А потом следует вообще потрясающее развитие сюжета. Когда наконец герой добился разрешения хоронить этот прах, он везёт его в переполненной электричке на кладбище, и в этой электричке пакет с прахом разрывается под напором пролетариата. И действительно желание английского коммуниста исполнилось: его прах был захоронен на родине великого Ленина, причём смешан с грязью и снегом, ботинками самого что ни на есть питерского пролетариата.

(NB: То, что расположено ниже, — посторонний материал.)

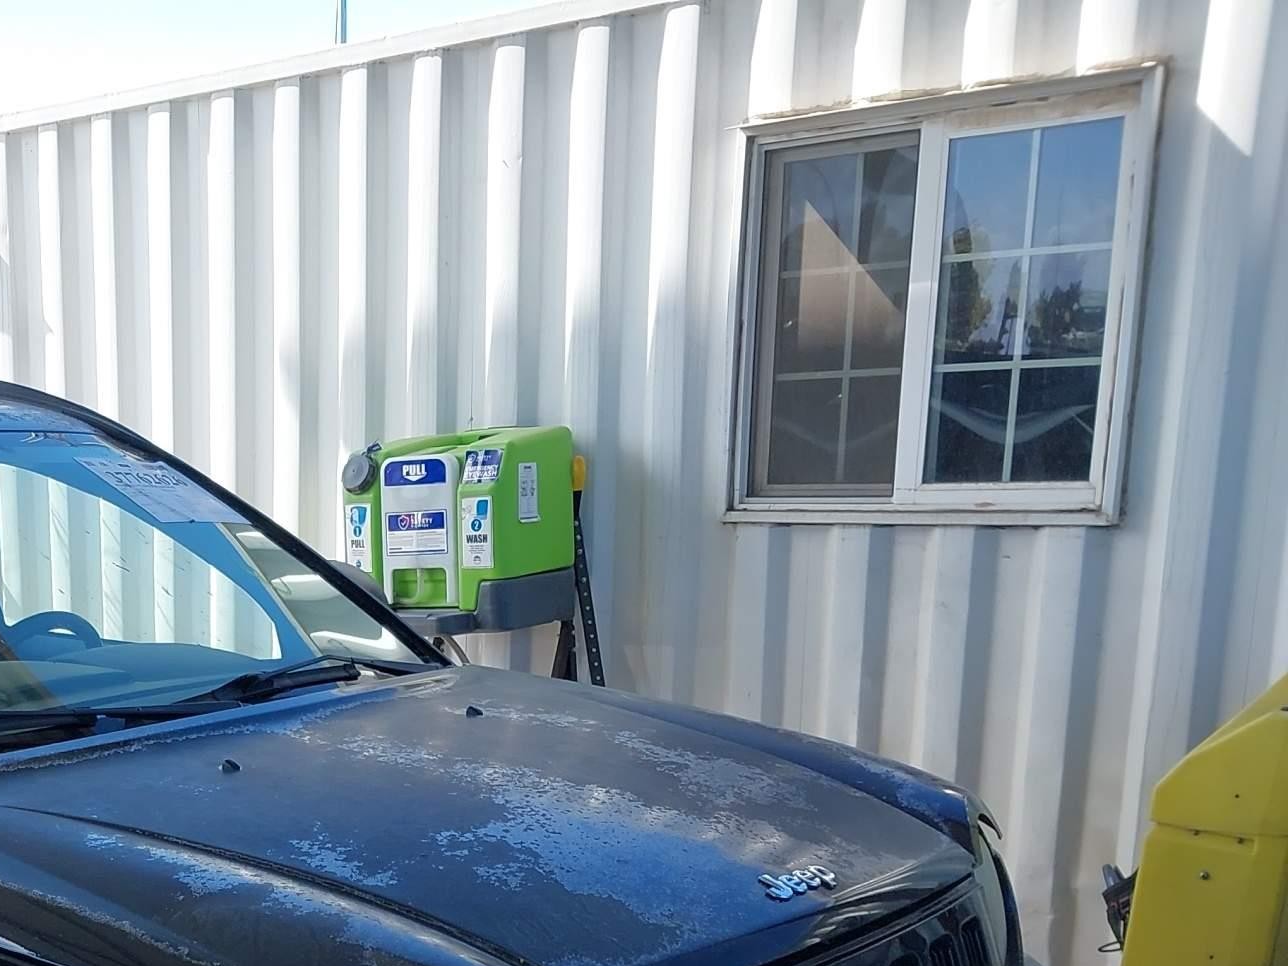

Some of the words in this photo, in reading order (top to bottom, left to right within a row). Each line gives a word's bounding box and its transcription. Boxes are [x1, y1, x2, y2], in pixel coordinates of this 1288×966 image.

Это удивительно жестокая, печальная и ироническая история. Прочтите её тоже, она в Сети широко представлена. Этот синтез лёгкой печали и жестокой насмешки для Житинского очень характерен.
И неслучайно одним из учеников Житинского и его прямых последователей был покойный Горчев, Царствие ему Небесное. Дмитрий Горчев — по-моему, один из лучших представителей российской прозы 1990-х и 2000-х годов, ведь всё-таки Житинский повлиял на него. Я думаю, что без Житинского Горчева просто никто бы не открыл. Житинский обладал поразительным даром открывать молодые таланты. Достаточно вспомнить, что он открыл Горчева и Букшу. Я уж не буду называть других людей, которые по отношению к нему проявили самую что ни на есть чёрную неблагодарность, но его такие вещи не огорчали. Он вообще очень мало огорчался из-за чужих предательств. Он довольно легко относился к жизни. Меня иногда даже раздражала в Житинском его какая-то удивительная лёгкость. Он был, как будто пузырь, воздухом, чистым кислородом наполненный.
Но чего стоила эта лёгкость, стало ясно, когда он так рано умер и когда такое тяжёлое наследство досталось его жене и дочерям, героически поднимающим издательство «Геликон Плюс». Ведь он издал, первым опубликовал огромное количество самодеятельных авторов, многих бесплатно — просто для того, чтобы их открыть читателю. И маленький отважный «Геликон» до сих пор продолжает своё героическое плавание по бурным волнам кризиса. А кризис у нас, как вы знаете, не кончается никогда. И дай бог здоровья «Геликону». Если бы не Житинский, этого издательства не было бы.
Что касается его поздних сочинений. Последним, что он написал, было продолжение «Лестницы», точнее — окончание лестницы. Это Пирошников, 30 лет спустя попадающих в тот же самый дом. Это роман «Плывун» — книга, которая была, к сожалению, мало кем замечена.